Originally Posted by maranapanda
I've been in a location with poor internet service, so it's tricky to post. I just wanted to let you know that I am here supporting you. You and your little girl are doing such a fantastic job.
What are you doing to pass the time? Reading, watching hospital TV, visiting with family? I'm asking because I was wondering if there's anything we can do to help keep your mind occupied. Ebook recommendations, fb friend requests, interactive games, or do you like funny gifs? Maybe things are just too intense right now, and rest is your best friend. But at anytime in the coming weeks left us know if there is anything we can do for you.
Much love to you mama
Thank you. DH has been with me in the hospitals since Monday, but he will have to go to work and back home with the kids pretty soon. I have lots of books, crosswords, iPad, phone, so I am good for awhile. I have not wanted visitors as I am pretty private, but if I stay here a long time, that may change.

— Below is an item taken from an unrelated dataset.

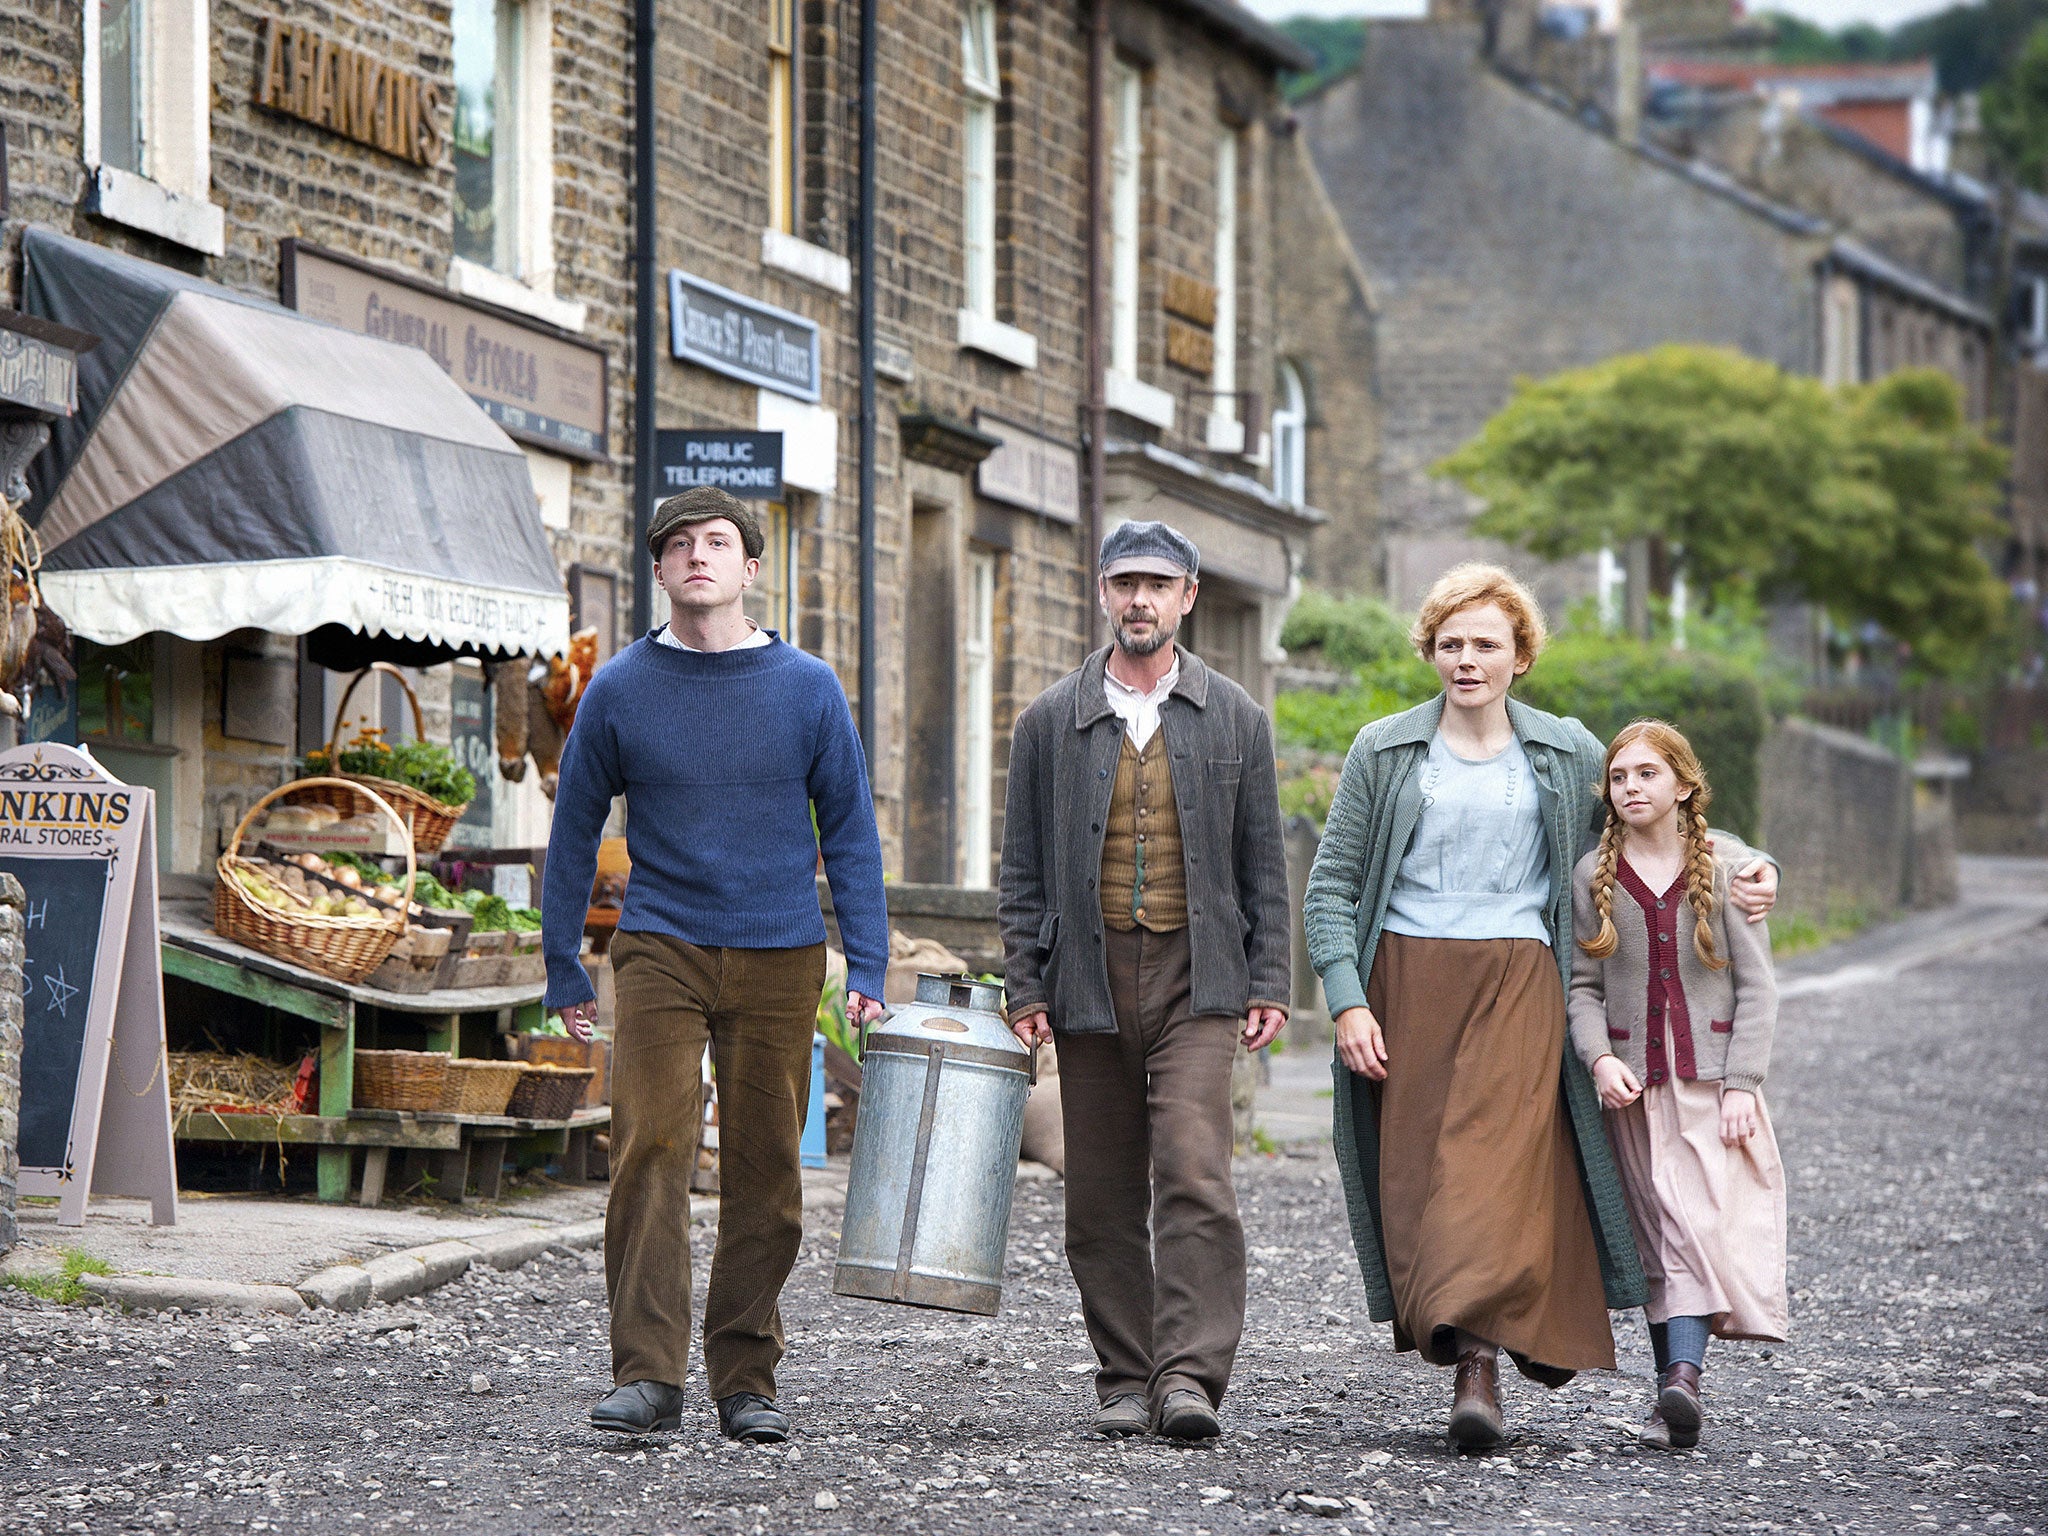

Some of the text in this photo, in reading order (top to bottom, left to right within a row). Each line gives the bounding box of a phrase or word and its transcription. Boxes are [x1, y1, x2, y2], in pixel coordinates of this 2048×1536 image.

This is day 7 since my waters broke. Still no infection or labor. Baby still looks fine. My fluid was 14 on Monday, 12 on Wednesday, and 7 today. I don't see any fluid coming out, so maybe that is normal fluctuation or the techs say its really hard to measure such a small baby's fluid. Either way, they call normal 5-25.
I bled on Wednesday, but they could only see a tiny area of placenta detachment on the very edge, so they don't seem worried. Bleeding stopped all day Thursday, and then I had one episode early Friday morning that started when I finally laid totally flat to sleep, and stopped when I woke up and sat up. It also looks like it's getting older - the color is darker, and it has those like "strings of powder" that I see in the toilet when I have my period - not whole clots, but like it's starting to stop.
I have been on bed rest even though they don't think it matters, because it can't hurt and makes me feel like I'm doing something. My current fear, on top of losing the baby as 24 week babies only have like 40% chance, is having a c section. I will definitely have one unless I go a lot longer and the baby turns. It may very well have to be a classical incision too. I've never had any surgery and I'm pretty scared. I'm afraid I'll panic. Plus it means I can't see the baby right away, and if she dies, I would miss her few minutes of life. But it gives her the best chance, so I have to do it.